Audit and feedback (A&F) is an implementation strategy that can facilitate implementation tailoring by identifying gaps between desired and actual clinical care. While there are several theory-based propositions on which A&F components lead to better implementation outcomes, many have not been empirically investigated, and there is limited guidance for stakeholders when applying A&F in practice. The current study aims to illustrate A&F procedures in six community mental health clinics, with an emphasis on reporting A&F components that are relevant to theories of how feedback elicits behavior change.

Methods

Six clinics from a larger trial using a tailored approach to implement measurement-based care (MBC) were analyzed for feedback content, delivery mechanisms, barriers to feedback, and outcomes of feedback using archival data. Pattern analysis was conducted to examine relations between A&F components and changes in MBC use.

Results

Several sites utilized both aggregate and individualized data summaries, and data accuracy concerns were common. Feedback cycles featuring individual-level clinician data, data relevant to MBC barriers, and information requested by data recipients were related to patterns of increased MBC use.

Conclusions

These findings support extant theory, such as Feedback Intervention Theory. Mental health professionals wishing to apply A&F should consider establishing reciprocal feedback mechanisms on the quality and amount of data being received and adopting specific roles communicating and addressing data quality concerns.

Trial registration

ClinicalTrials.gov Identifier: NCT02266134.

Peer Review reports

Background

Despite a growing body of literature describing efforts to implement evidence-based practices (EBPs) to treat mental health disorders, the integration of EBPs into community mental health settings remains slow and challenging to sustain [2]. Tailored implementation approaches that account for determinants of behavior change while attempting to increase the use of a new clinical practice have outperformed standardized approaches to implementing EBPs [1]. Various approaches to tailoring exist, including adapting strategies to known determinants identified through previous experience or literature, conducting needs assessments to identify determinants and modify strategies pre-implementation, and iteratively adapting strategies throughout the implementation process in response to emergent determinants. It is unclear which tailoring approach is superior [29],however, the latter may be the most responsive to local contexts. Audit and feedback (A&F, the collection and delivery of performance data to clinicians to inform their clinical behaviors [30], is an implementation strategy that supports tailoring by establishing a feedback cycle through which tailoring decisions are evaluated and modified.

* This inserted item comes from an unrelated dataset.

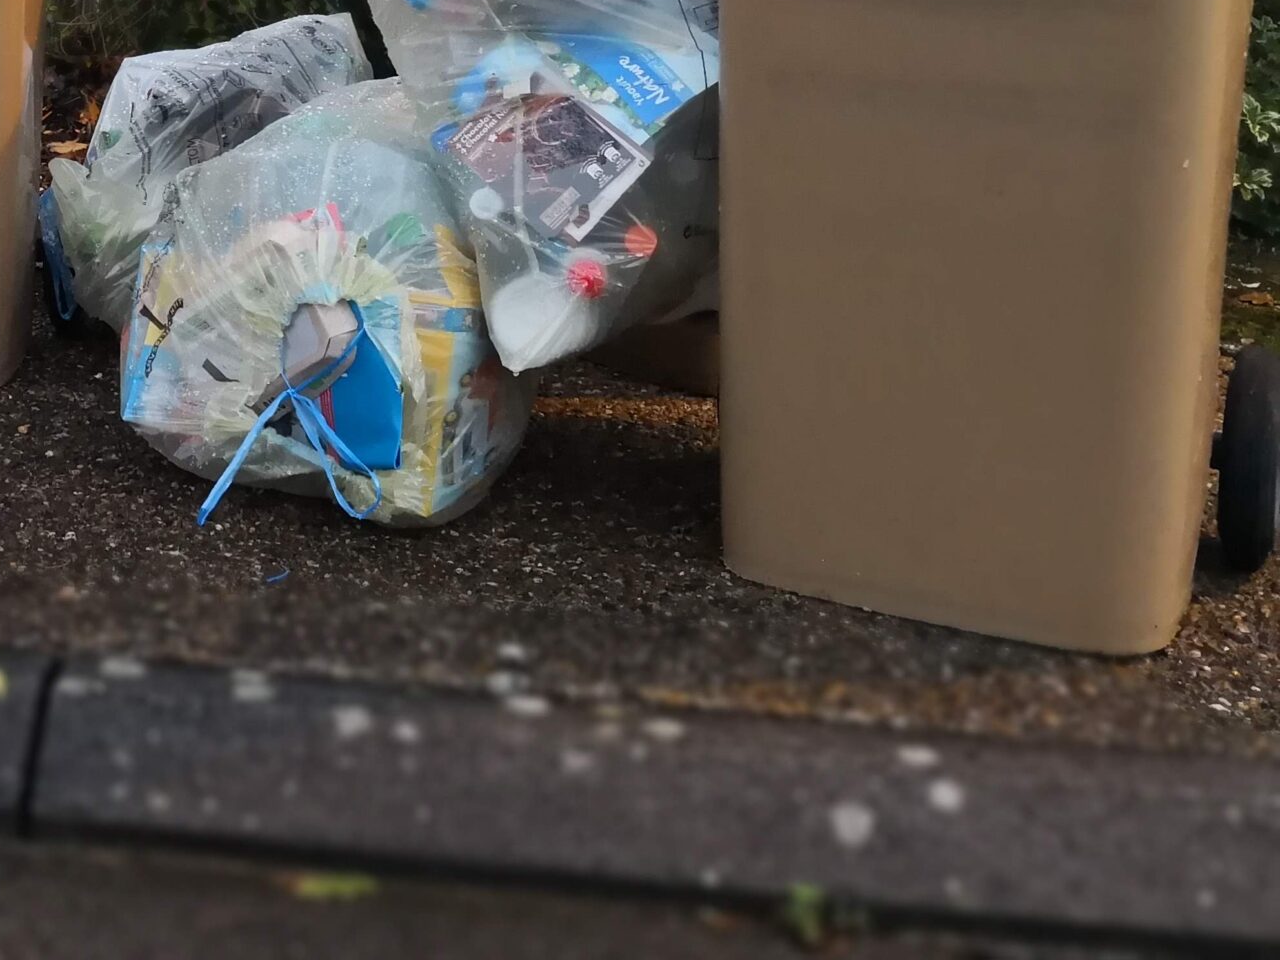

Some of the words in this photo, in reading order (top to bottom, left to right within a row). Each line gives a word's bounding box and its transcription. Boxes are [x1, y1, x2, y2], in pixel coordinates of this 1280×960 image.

A&F is readily combined with other implementation strategies and has been applied to a range of healthcare settings, including cardiac rehabilitation [11], pain management [12], acute care [13], and the United States’ Veterans Affairs system [16]. A Cochrane review of 140 clinical trials indicated that A&F can increase the adoption of target behaviors by clinicians, particularly when there are discrepancies between baseline and desired performance [19]. A&F has also been linked to modest improvements in clinician behavior change [14] and increased EBP fidelity [34]. Despite the potential benefits of A&F, its effectiveness for changing clinician behaviors is equivocal [14, 19], and the specific mechanisms by which feedback influences target behaviors are not well understood [8]. Summaries of this literature have been limited by the heterogeneity of A&F interventions [24], as their structure (e.g., feedback specificity, methods for relaying feedback, frequency of delivery) is often driven by specific needs of clinicians and their contexts [10]. The Improved Clinical Effectiveness through Behavioural Research Group [17] indicated that variation in just five A&F components can yield as many as 288 unique approaches, making it difficult to draw conclusions about its utility [4].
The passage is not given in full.